Ion-doping as a strategy to modulate hydroxyapatite nanoparticle internalization†
Abstract
Although it is widely acknowledged that ionic substitutions on bulk hydroxyapatite substrates have a strong impact on their biological performance, little is known of their effect on nanoparticles (NPs) especially when used for gene transfection or drug delivery. The fact that NPs would be internalized poses many questions but also opens up many new possibilities. The objective of the present work is to synthesize and assess the effect of a series of hydroxyapatite-like (HA) NPs doped with various ions on cell behavior, i.e. carbonate, magnesium and co-addition. We synthesized NPs under similar conditions to allow comparison of results and different aspects in addition to assessing the effect of the doping ion(s) were investigated: (1) the effect of performing the cell culture study on citrate-dispersed NPs and on agglomerated NPs, (2) the effect of adding/excluding 10% of foetal bovine serum (FBS) in the cell culture media and (3) the type of cell, i.e.

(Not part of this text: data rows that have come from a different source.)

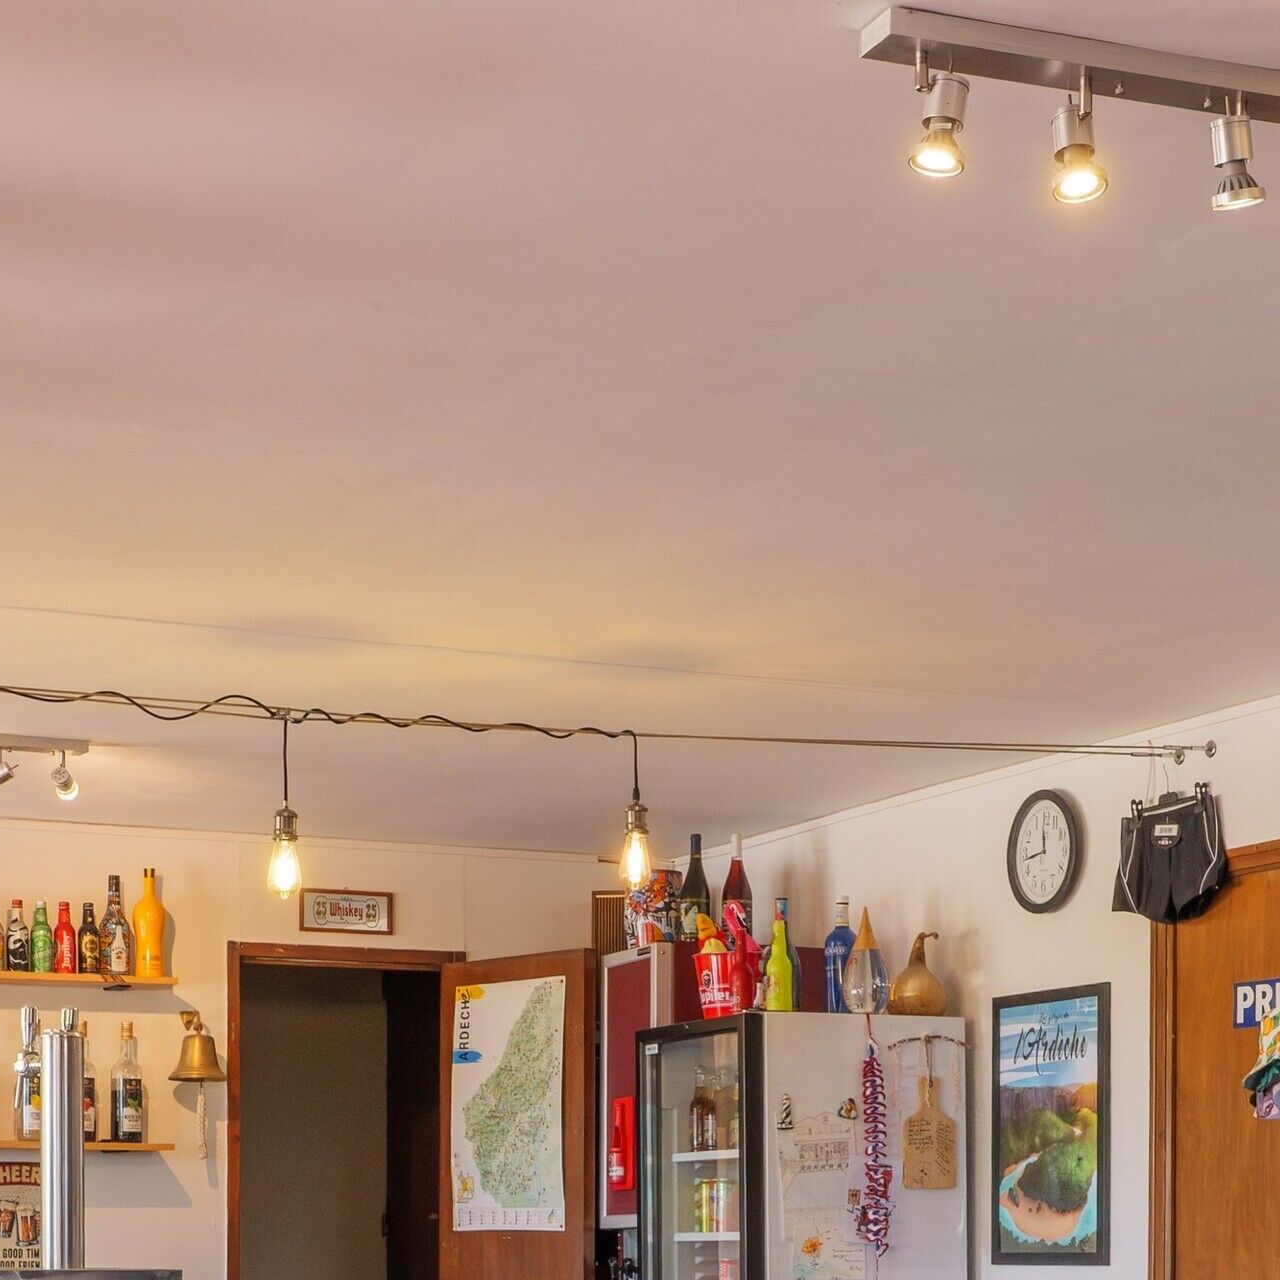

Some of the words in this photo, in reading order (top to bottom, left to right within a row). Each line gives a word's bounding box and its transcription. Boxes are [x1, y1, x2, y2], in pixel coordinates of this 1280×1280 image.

[315, 901, 327, 916] 25
[329, 902, 364, 920] Whiskey
[365, 904, 377, 919] 25
[61, 934, 72, 971] Jupiler
[3, 1248, 24, 1259] GOOD
[26, 1248, 40, 1259] TIM

MG-63 versus rat mesenchymal stem cells (rMSCs). The results clearly demonstrated that Mg-doping had a major effect on MG-63 cells with high cytotoxicity but not to rMSCs. This was a very important finding because it proved that doping could be a tool to modify NP internalization. The results also suggest that NP surface charge had a large impact on MG-63 cells and prevents their internalization if it is too negative—this effect was less critical for rMSCs.